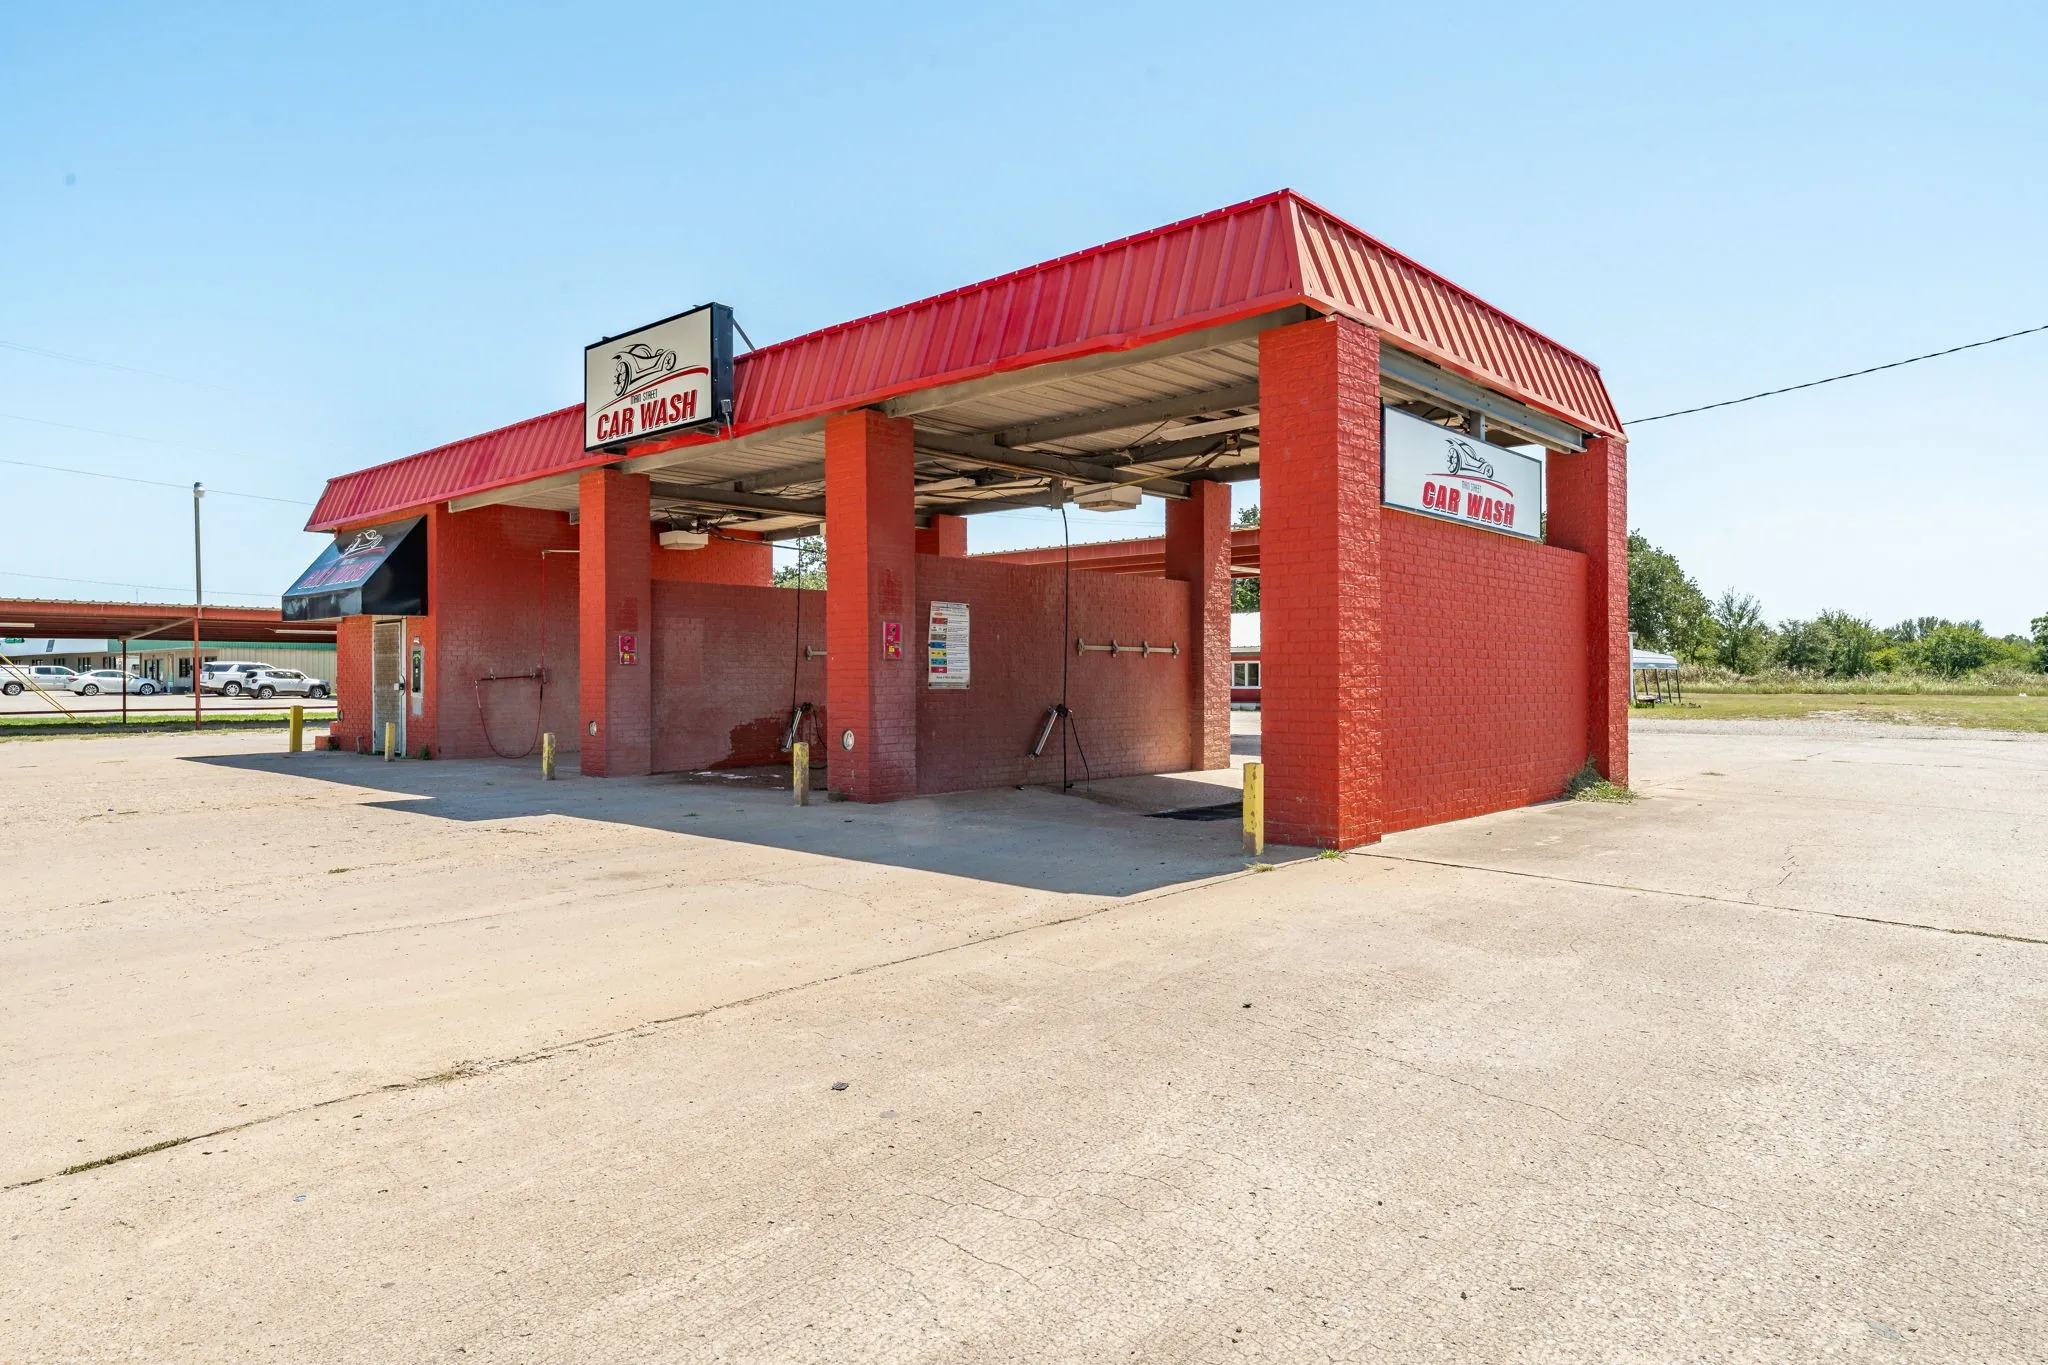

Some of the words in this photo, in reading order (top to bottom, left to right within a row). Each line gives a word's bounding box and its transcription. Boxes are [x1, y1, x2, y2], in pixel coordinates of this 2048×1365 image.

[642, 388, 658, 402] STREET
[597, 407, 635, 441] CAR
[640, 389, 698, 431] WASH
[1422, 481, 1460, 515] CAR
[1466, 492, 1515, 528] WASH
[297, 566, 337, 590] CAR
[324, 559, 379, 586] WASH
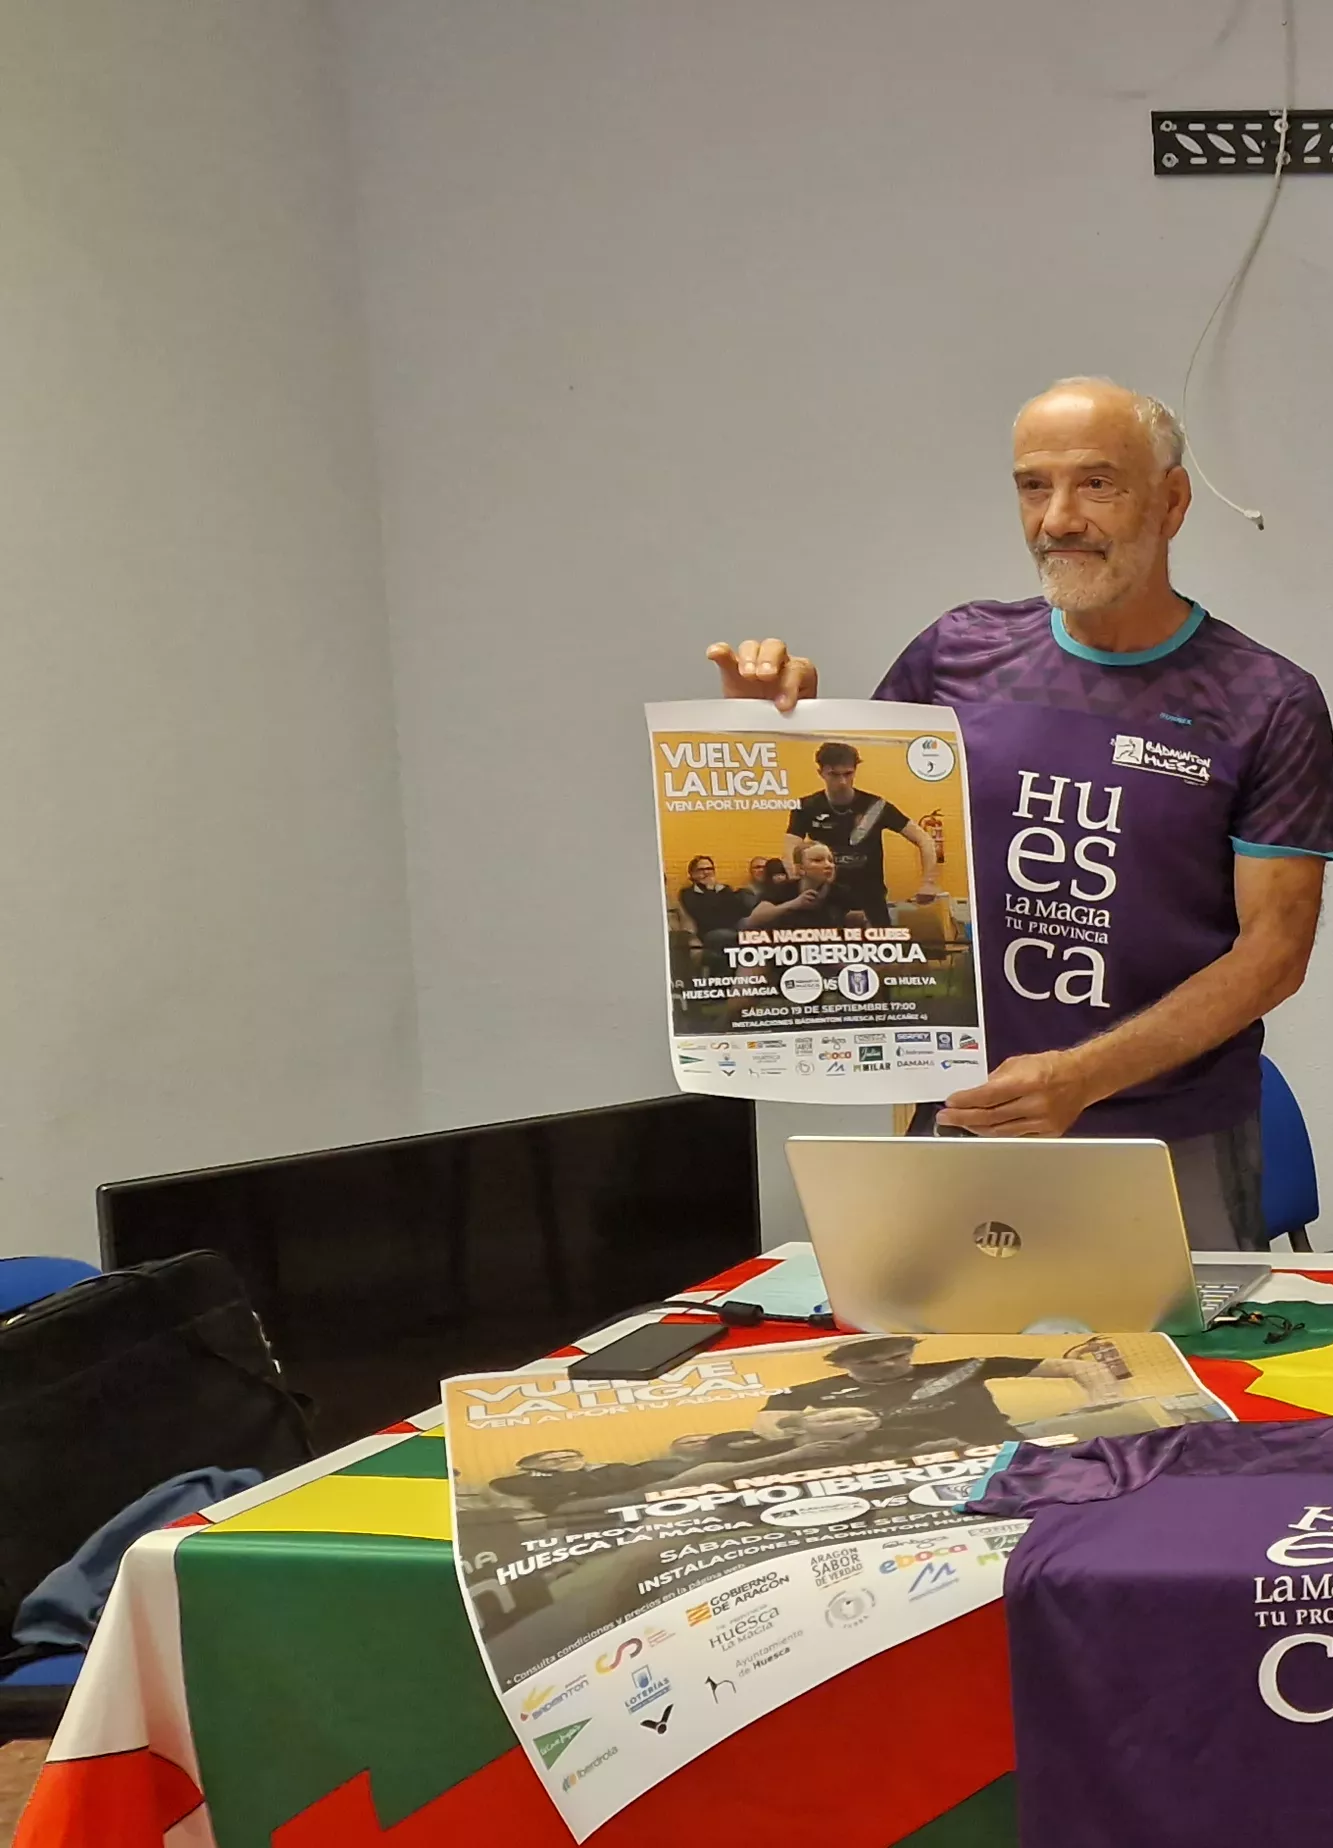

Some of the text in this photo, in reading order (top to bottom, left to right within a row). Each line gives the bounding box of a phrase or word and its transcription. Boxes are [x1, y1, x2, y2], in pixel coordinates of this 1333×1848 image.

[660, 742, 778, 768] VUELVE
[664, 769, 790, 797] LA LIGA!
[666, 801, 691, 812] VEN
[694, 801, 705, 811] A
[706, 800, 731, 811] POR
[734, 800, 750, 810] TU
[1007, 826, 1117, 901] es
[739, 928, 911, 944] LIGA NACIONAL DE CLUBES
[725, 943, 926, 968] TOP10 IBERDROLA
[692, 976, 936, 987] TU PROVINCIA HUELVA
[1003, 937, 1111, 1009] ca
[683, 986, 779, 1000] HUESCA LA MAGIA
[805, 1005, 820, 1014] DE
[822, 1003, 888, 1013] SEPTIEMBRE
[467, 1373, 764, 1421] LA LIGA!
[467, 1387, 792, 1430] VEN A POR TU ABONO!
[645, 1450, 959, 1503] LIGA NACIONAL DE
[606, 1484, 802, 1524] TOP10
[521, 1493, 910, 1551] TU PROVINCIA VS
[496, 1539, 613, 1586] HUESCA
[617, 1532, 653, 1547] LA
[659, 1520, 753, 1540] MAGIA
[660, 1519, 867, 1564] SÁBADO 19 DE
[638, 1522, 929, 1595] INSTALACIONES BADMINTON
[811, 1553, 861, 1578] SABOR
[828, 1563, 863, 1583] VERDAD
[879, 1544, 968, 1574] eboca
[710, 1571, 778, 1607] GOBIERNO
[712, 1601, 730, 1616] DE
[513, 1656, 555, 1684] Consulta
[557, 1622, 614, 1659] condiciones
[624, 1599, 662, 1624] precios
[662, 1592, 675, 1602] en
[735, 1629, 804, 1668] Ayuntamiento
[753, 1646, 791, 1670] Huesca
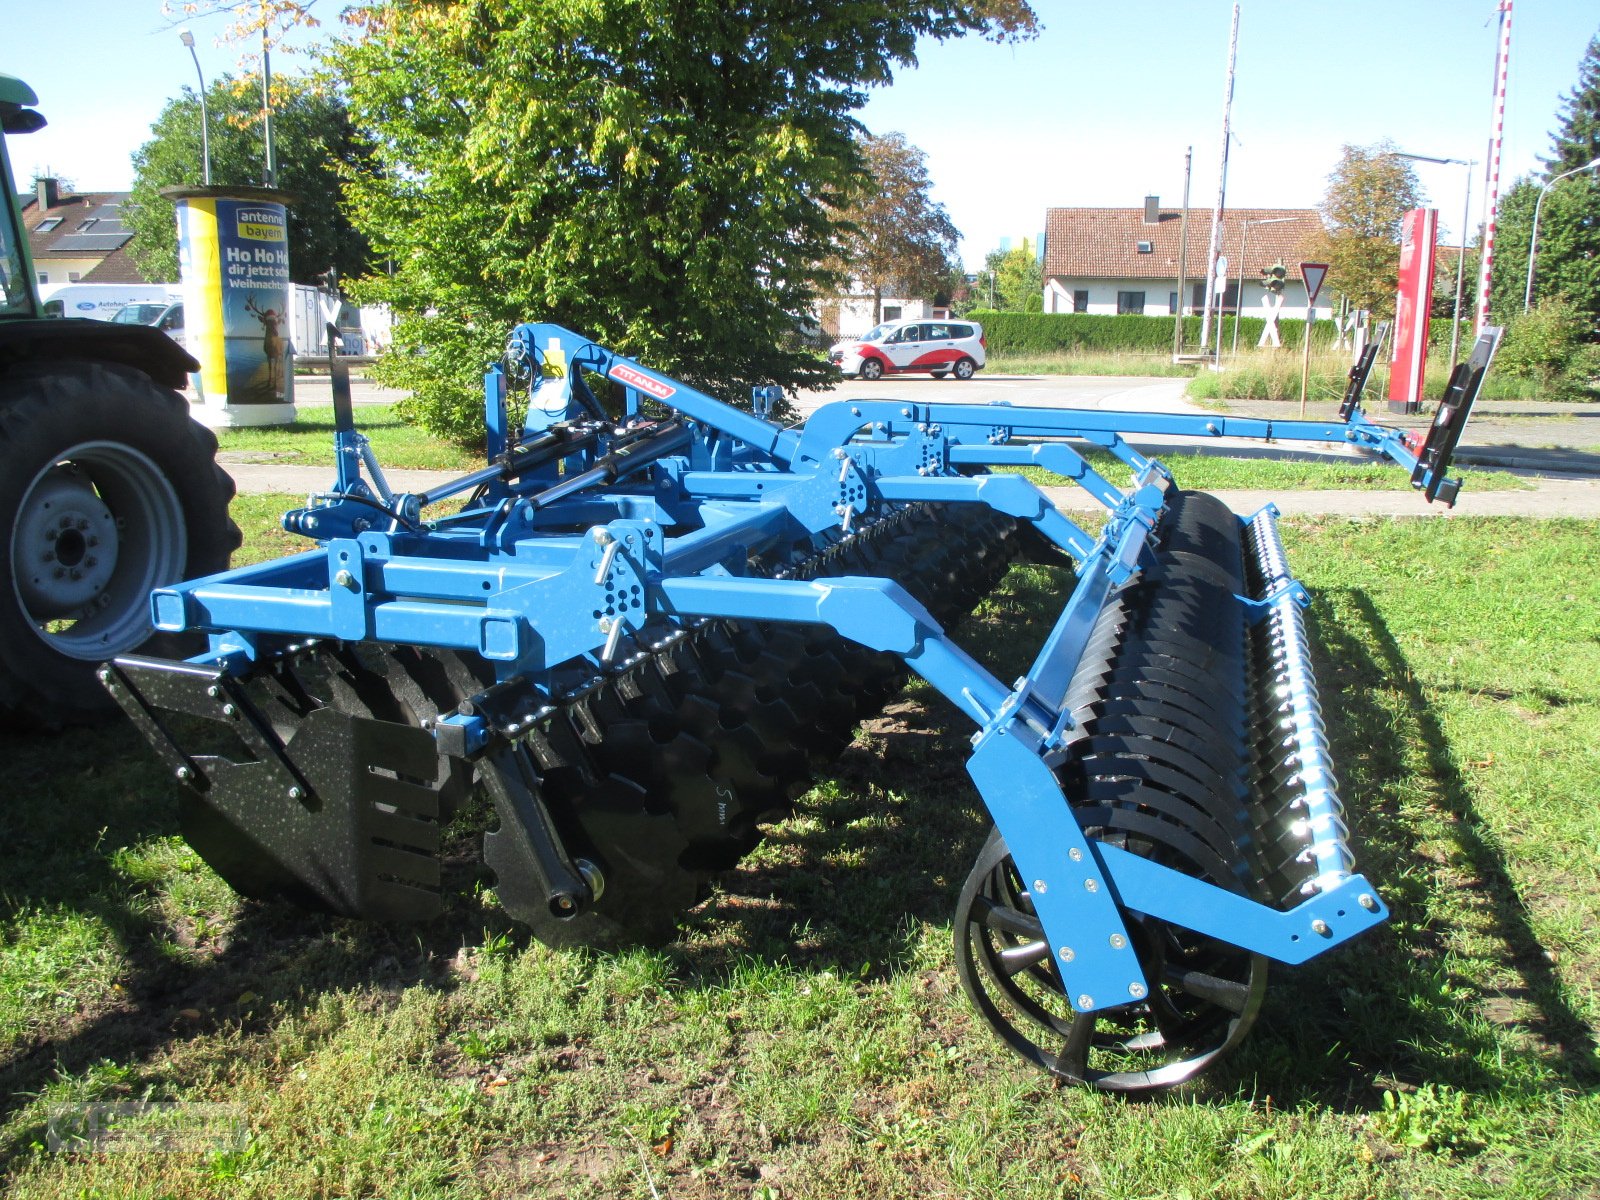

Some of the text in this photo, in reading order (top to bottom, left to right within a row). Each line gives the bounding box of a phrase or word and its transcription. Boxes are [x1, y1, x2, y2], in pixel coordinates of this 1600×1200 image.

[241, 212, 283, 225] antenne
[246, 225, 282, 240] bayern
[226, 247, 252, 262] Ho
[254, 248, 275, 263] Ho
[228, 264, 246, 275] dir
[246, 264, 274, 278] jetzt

Exercise prompt
Copy the listing verbatim, omitting images.

Solution for this exercise
Some of the words in this photo, in reading order (top to bottom, left to right within a row). Each line gives a word's bounding box and its transcription. Boxes are [x1, y1, x2, y2], in pixel coordinates of this 2048×1365 image.

[642, 388, 658, 402] STREET
[597, 407, 635, 441] CAR
[640, 389, 698, 431] WASH
[1422, 481, 1460, 515] CAR
[1466, 492, 1515, 528] WASH
[297, 566, 337, 590] CAR
[324, 559, 379, 586] WASH

Some of the text in this photo, in reading order (top to bottom, left to right within a row). Each line gives the bounding box of a phrase or word and its transcription. Boxes are [x1, y1, x2, y2], in pixel coordinates of this 1333×1848 image.

[660, 742, 778, 768] VUELVE
[664, 769, 790, 797] LA LIGA!
[666, 801, 691, 812] VEN
[694, 801, 705, 811] A
[706, 800, 731, 811] POR
[734, 800, 750, 810] TU
[1007, 826, 1117, 901] es
[739, 928, 911, 944] LIGA NACIONAL DE CLUBES
[725, 943, 926, 968] TOP10 IBERDROLA
[692, 976, 936, 987] TU PROVINCIA HUELVA
[1003, 937, 1111, 1009] ca
[683, 986, 779, 1000] HUESCA LA MAGIA
[805, 1005, 820, 1014] DE
[822, 1003, 888, 1013] SEPTIEMBRE
[467, 1373, 764, 1421] LA LIGA!
[467, 1387, 792, 1430] VEN A POR TU ABONO!
[645, 1450, 959, 1503] LIGA NACIONAL DE
[606, 1484, 802, 1524] TOP10
[521, 1493, 910, 1551] TU PROVINCIA VS
[496, 1539, 613, 1586] HUESCA
[617, 1532, 653, 1547] LA
[659, 1520, 753, 1540] MAGIA
[660, 1519, 867, 1564] SÁBADO 19 DE
[638, 1522, 929, 1595] INSTALACIONES BADMINTON
[811, 1553, 861, 1578] SABOR
[828, 1563, 863, 1583] VERDAD
[879, 1544, 968, 1574] eboca
[710, 1571, 778, 1607] GOBIERNO
[712, 1601, 730, 1616] DE
[513, 1656, 555, 1684] Consulta
[557, 1622, 614, 1659] condiciones
[624, 1599, 662, 1624] precios
[662, 1592, 675, 1602] en
[735, 1629, 804, 1668] Ayuntamiento
[753, 1646, 791, 1670] Huesca

Some of the text in this photo, in reading order (top to bottom, left to right within a row). Each line gives the bounding box of a phrase or word and its transcription. Boxes are [x1, y1, x2, y2], in pixel coordinates of this 1600×1200 image.

[241, 212, 283, 225] antenne
[246, 225, 282, 240] bayern
[226, 247, 252, 262] Ho
[254, 248, 275, 263] Ho
[228, 264, 246, 275] dir
[246, 264, 274, 278] jetzt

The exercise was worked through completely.